I have a problem, and you may too.

Last Fall, a friend of mine — one of the elders who oversees this church — asked me to meet. I told him he’d have to wait because my calendar is so full. I gave him a date, and on the day we finally got together. We ordered food, sat down, he asked me how I’m doing. I responded by saying, “Busy,” and he said, “Yes, that’s what I wanted to talk to you about.” My lunch was an intervention, an expression of concern that my overpacked schedule was hindering me from focusing on what matters most.

That very same day we met Char’s father out for his birthday. I remember sitting around the table at night eating birthday cake. It’s one of those moments that’s meant to be relaxed. There are few things better than unhurried time around food and people you love to mark an important milestone. But I couldn’t enjoy it. I knew I still hard work to do before the day was over, so I excused myself and went back on my computer for another hour. We got home, and I had to go to the bank to pay a bill I’d forgotten, but I was so overloaded that I ended up paying the wrong amount.

And so by the next morning, I sat down with Char and said, “Something has to change. This isn’t working! I can’t keep going like this.” The next week I talked to a mentor of mine, a spiritual director, and told him about all of this. I told him that I was planning to read a new book coming out by John Mark Comer called The Ruthless Elimination of Hurry, and he just started laughing.

I have a problem, and it’s possible that you do too. Just like our homes and closets get overstuffed with too much stuff, our lives and schedules get too full, and it robs us of our ability to focus on what matters most.

John Ortberg writes:

For many of us the great danger is not that we will renounce our faith. It is that we will become so distracted and rushed and preoccupied that we will settle for a mediocre version of it. We will just skim our lives instead of actually living them.

“There are few things as damaging, and potentially soul-destroying, as busyness. Blaise Pascal, the famous philosopher, said that busyness sends more people to hell than unbelief. And even after you are a Christian, busyness destroys your joy; your capacity to love; and your ability to hear God.” (J.D. Greear)

What’s at stake isn’t just our emotional health, although that’s serious enough. “Our spiritual lives hang in the balance” (Comer). Our hurry threatens what matters most. As John Mark Comer puts it, “Love, joy, and peace are at the heart of all Jesus is trying to grow in the soil of your life. And all three are incompatible with hurry.”

Rule of Life

So today, and through February 9, I want to invite you to work on something called a Liberty Grace Rule of Life. It’s a set of rhythms and practices that will help us follow Jesus in our everyday lives.

In his excellent book The Common Rule — which I recommend to everyone — Justin Whitmel Earley describes what a Rule of Life is and how it can help us:

We are all living according to a specific regimen of habits, and those habits shape most of our life…

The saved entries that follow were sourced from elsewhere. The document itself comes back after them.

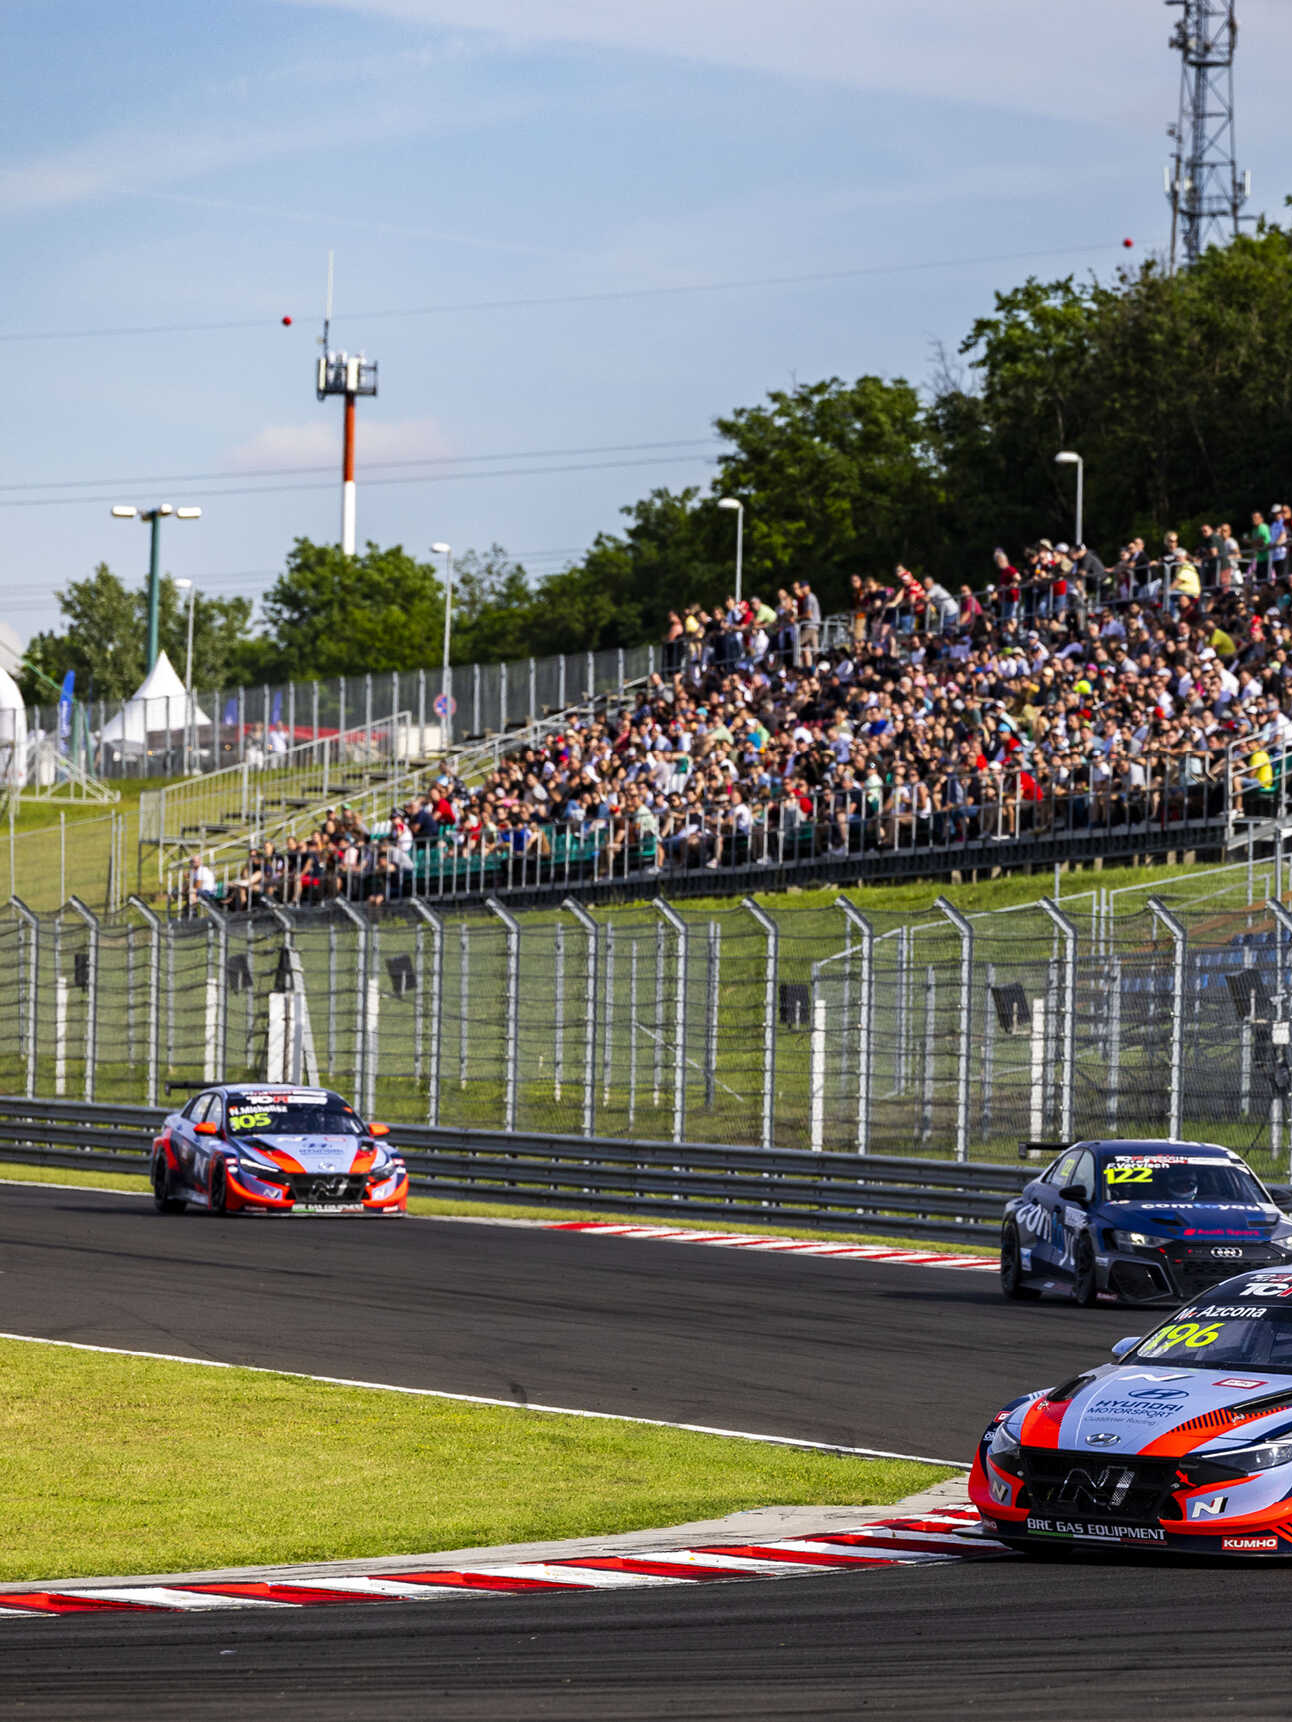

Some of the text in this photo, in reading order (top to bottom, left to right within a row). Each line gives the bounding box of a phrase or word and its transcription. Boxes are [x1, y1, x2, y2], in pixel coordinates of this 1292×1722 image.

[230, 1112, 272, 1131] 105
[1103, 1167, 1153, 1185] 122
[1197, 1304, 1268, 1318] Azcona
[1145, 1322, 1225, 1351] 196
[1086, 1407, 1175, 1419] MOTORSPORT
[1095, 1399, 1185, 1412] HYUNDAI
[1026, 1517, 1166, 1541] BRC GAS EQUIPMENT
[1223, 1538, 1277, 1548] KUMHO

A “rule of life” is a term for a pattern of communal habits for formation … Despite our understanding of the word “rule,” a “rule of life” is much less about obeying rules than it is about finding communal purpose … taking the small patterns of life and organizing them towards the big goal of life: to love God and neighbor.

A rule of life is how we get our hands on our habits … All those who want to be attentive to who they are becoming must realize that formation begins with a framework of habits.

And so my question for us is this: what would a Liberty Grace Rule of Life look like? What communal rhythms, practices, and habits would help us love God and love others?

We’re going to look at a number of areas over the next few weeks, but today I want to begin by asking: what communal practices will help us with the spiritual danger of hurry that threatens our souls?

Anxious and Troubled

For a few minutes, I want to look at a passage that will help us think through this.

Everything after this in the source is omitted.